Genital Warts in Emergency Medicine Treatment & Management
- Author: Elizabeth Rubano, MD; Chief Editor: Rick Kulkarni, MD more...
Emergency Department Care
- Although an in-depth discussion of the treatment of genital warts (ie, type of workup, treatment regimens, necessary follow-up) is beyond the scope of ED practice, symptomatic treatment may be warranted.
- Use pressure to stop bleeding, if present.
- Relieve urethral obstruction (rare).
- Search for evidence of coexistent STDs; treat them if found and indicated.
- The following measures are beyond the scope of the ED and are presented for educational purposes only. Further treatment and screening guidelines from the American College of Obstetricians and Gynecologists and Centers for Disease Control and Prevention are available.[1, 2]
- Untreated: If visible genital warts are left untreated, they can undergo spontaneous resolution, increase in size, increase in number, or remain unchanged. Complete resolution of lesions after 2 years occurs in 75% of individuals without intervention.
- Ablative therapy
- Cryotherapy[2] : Use an open spray or cotton-tipped applicator for 10-15 seconds and repeat as needed. Lift away mobile skin from the underlying normal tissue before freezing. Response rates are high, clearance occurs about 75% of the time with few adverse sequelae. Adverse reactions include pain during treatment, erosion, ulceration, and postinflammatory hypopigmentation of skin. Cryotherapy is safe for use during pregnancy.
- Electrodesiccation (smoke plume may be infective)
- Curettage
- Surgical excision[2] : Excision has the highest success rate and lowest recurrence rate. Initial cure rates are 63-91%.

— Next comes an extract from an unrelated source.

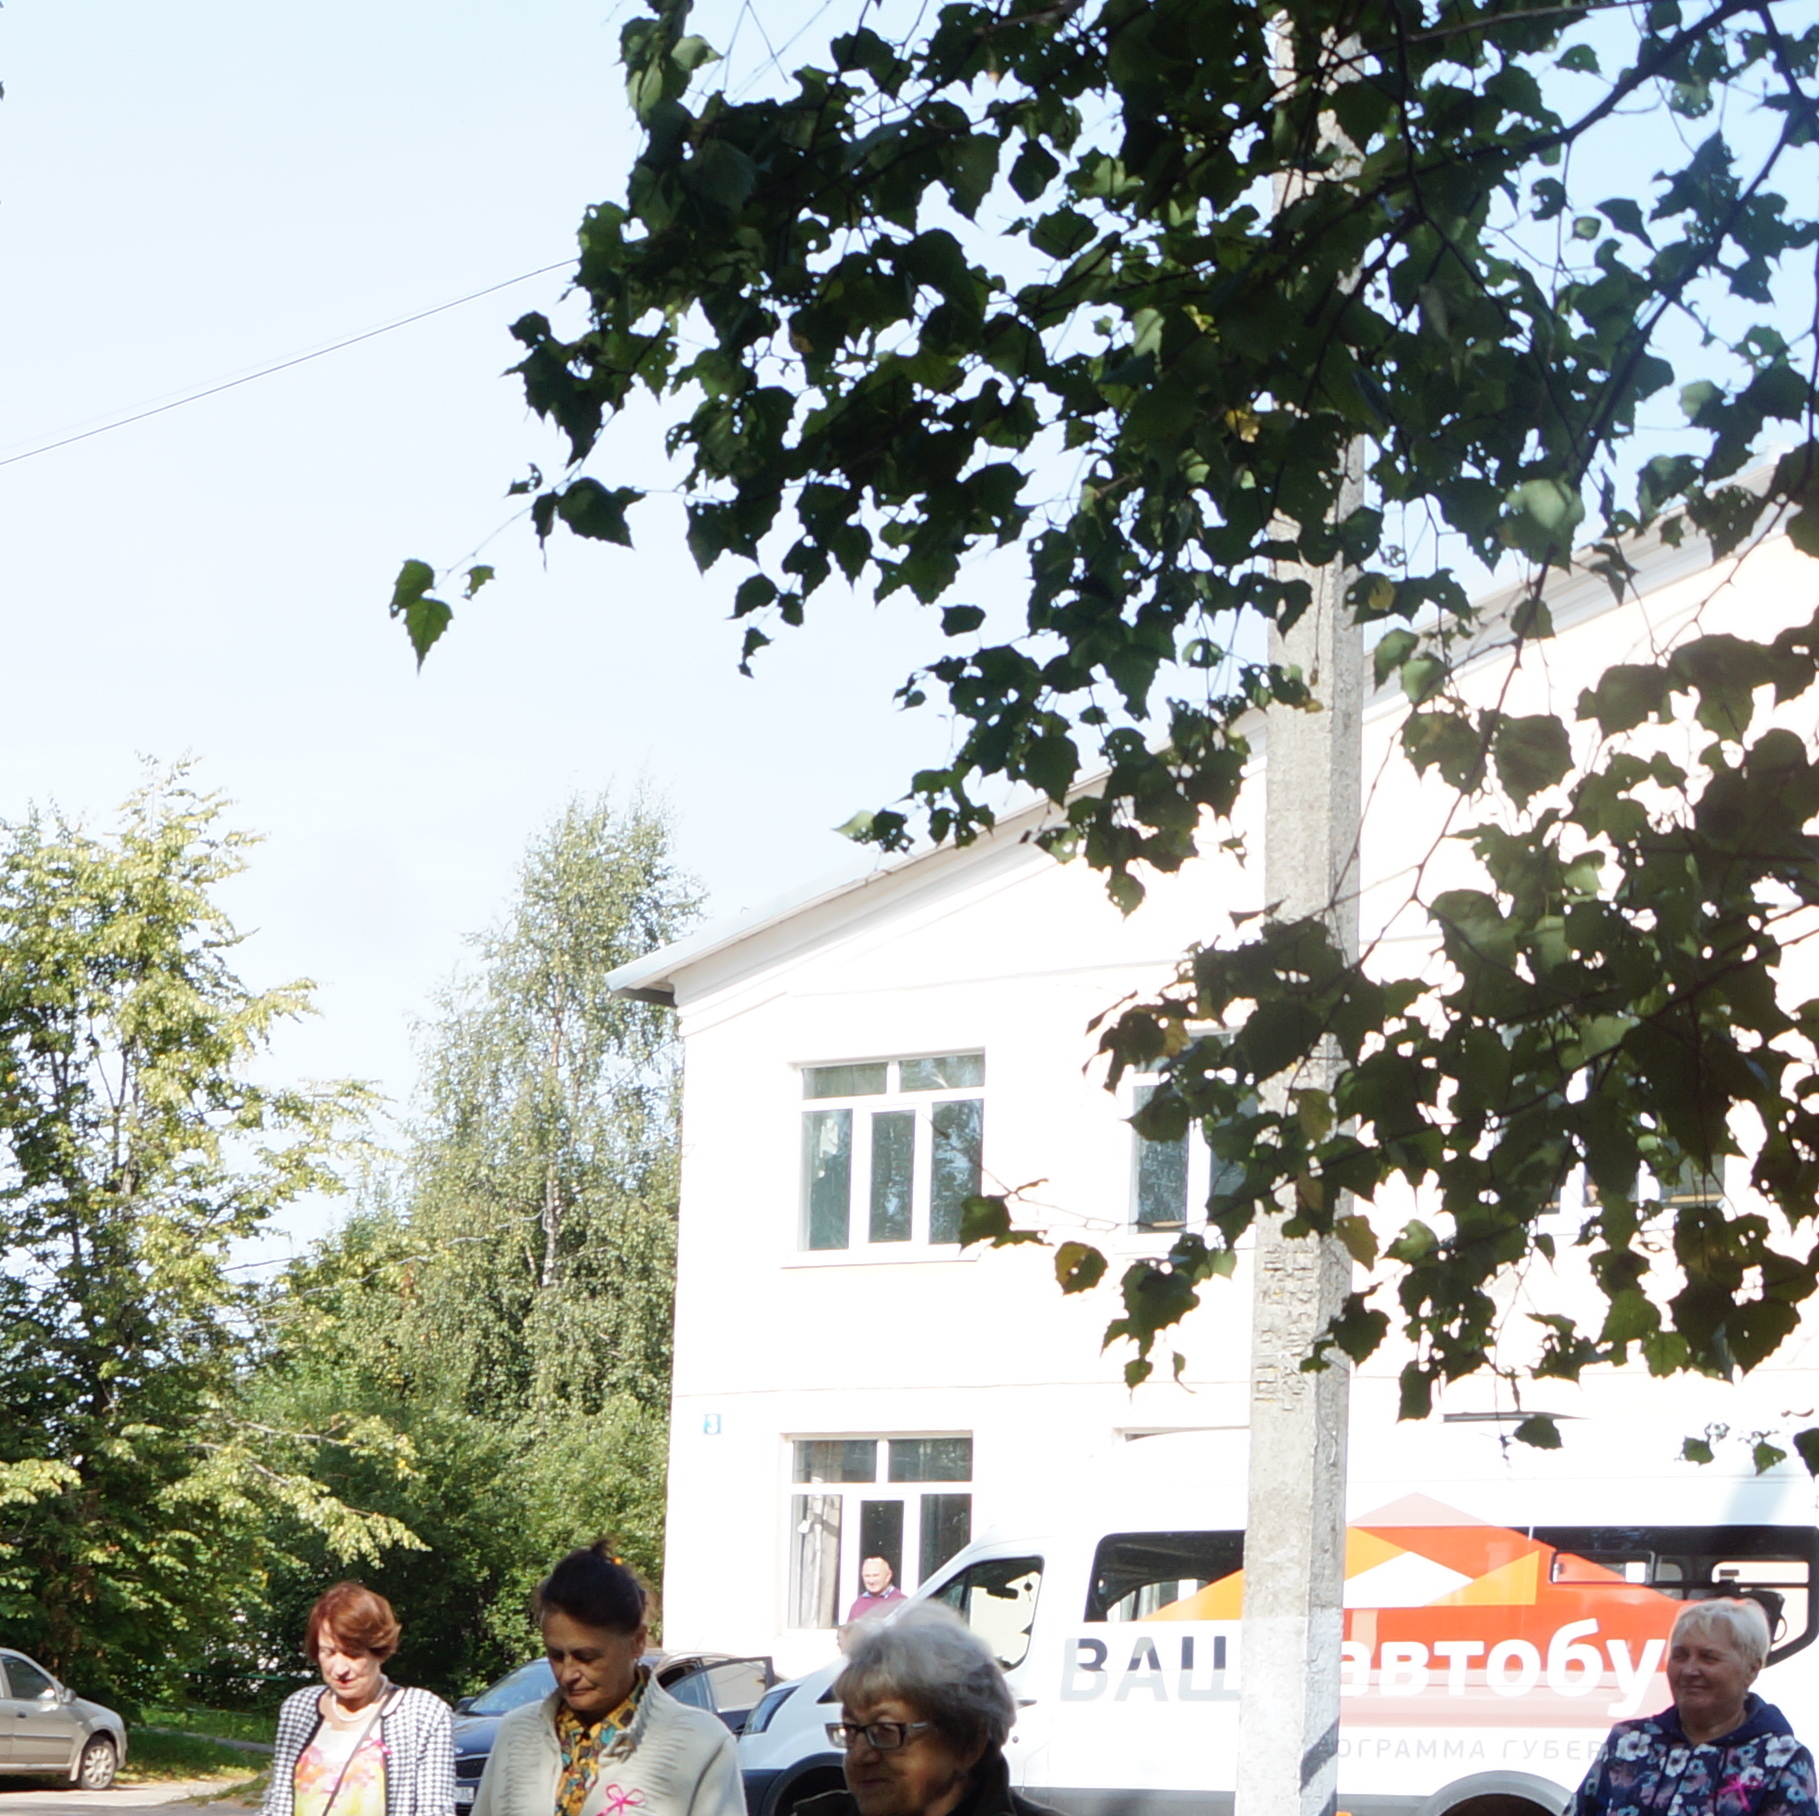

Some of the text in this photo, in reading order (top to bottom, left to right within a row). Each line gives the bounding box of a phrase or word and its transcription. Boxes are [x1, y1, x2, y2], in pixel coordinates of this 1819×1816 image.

[1059, 1617, 1667, 1718] ВАШ автобу
[1338, 1738, 1604, 1760] ОГРАММА ГУБЕР

- Carbon dioxide laser treatment: This treatment is used for extensive or recurrent genital warts. The procedure requires local, regional, or general anesthesia. (A eutectic mixture of local anesthetics [EMLA] cream may be used as an alternative anesthetic.) Clearance rates are more than 90%, but reoccurrence can be up to 40%. HPV-6 DNA has been detected in the carbon dioxide laser plume; therefore, the laser operator is at risk of developing mucosal warts.

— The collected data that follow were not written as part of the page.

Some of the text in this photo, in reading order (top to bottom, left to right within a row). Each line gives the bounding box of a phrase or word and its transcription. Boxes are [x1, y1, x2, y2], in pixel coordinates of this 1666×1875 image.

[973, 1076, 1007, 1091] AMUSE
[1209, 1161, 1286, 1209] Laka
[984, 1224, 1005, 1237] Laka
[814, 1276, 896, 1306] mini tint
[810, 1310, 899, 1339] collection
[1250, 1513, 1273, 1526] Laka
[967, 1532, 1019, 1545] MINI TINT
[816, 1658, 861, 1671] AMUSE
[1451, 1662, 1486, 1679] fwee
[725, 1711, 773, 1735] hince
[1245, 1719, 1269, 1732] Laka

- Infrared coagulation: A beam of infrared light is delivered to the affected lesions, causing tissue coagulation and necrosis. Treatment is successful in about 80% of cases.
- Immune-based therapy
- Physician administered treatments include acid applications (bichloroacetic acid or trichloroacetic acid) and interferon injections with antiviral mechanisms.
- Medications for home use include imiquimod 5% cream, podofilox gel or solution, and antiproliferative compounds (5-fluorouracil).
- Two HPV vaccine candidates have proven to be highly effective in clinical trials: Gardasil and Cervarix. Gardasil, Merck's HPV vaccine, was licensed by the Food and Drug Administration (FDA) in June 2006 for the prevention of cervical cancers and other diseases caused by HPV in females. It is composed of a viruslike particle consisting of recombinant L1 proteins from HPV types 6, 11, 16, and 18. It has been recommended by the Centers for Disease Control and Prevention (CDC) Advisory Committee on Immunization Practices to be routinely given to girls at age 11-12 years.[3] It can be administered starting at age 9 years, with catch-up vaccinations recommended for females aged 13-26 years. The vaccine is not established as CDC policy until it is accepted by the director of the CDC.
- Cervarix is GlaxoSmithKline's HPV vaccine candidate and focuses on cancer prevention with L1 proteins from HPV types 16 and 18 only.[4] The vaccines do not eliminate the need for other prevention strategies and screening.
Consultations
- No emergent consultation is indicated.
- Outpatient follow-up with a dermatologist, an OB/GYN, or a urologist is indicated.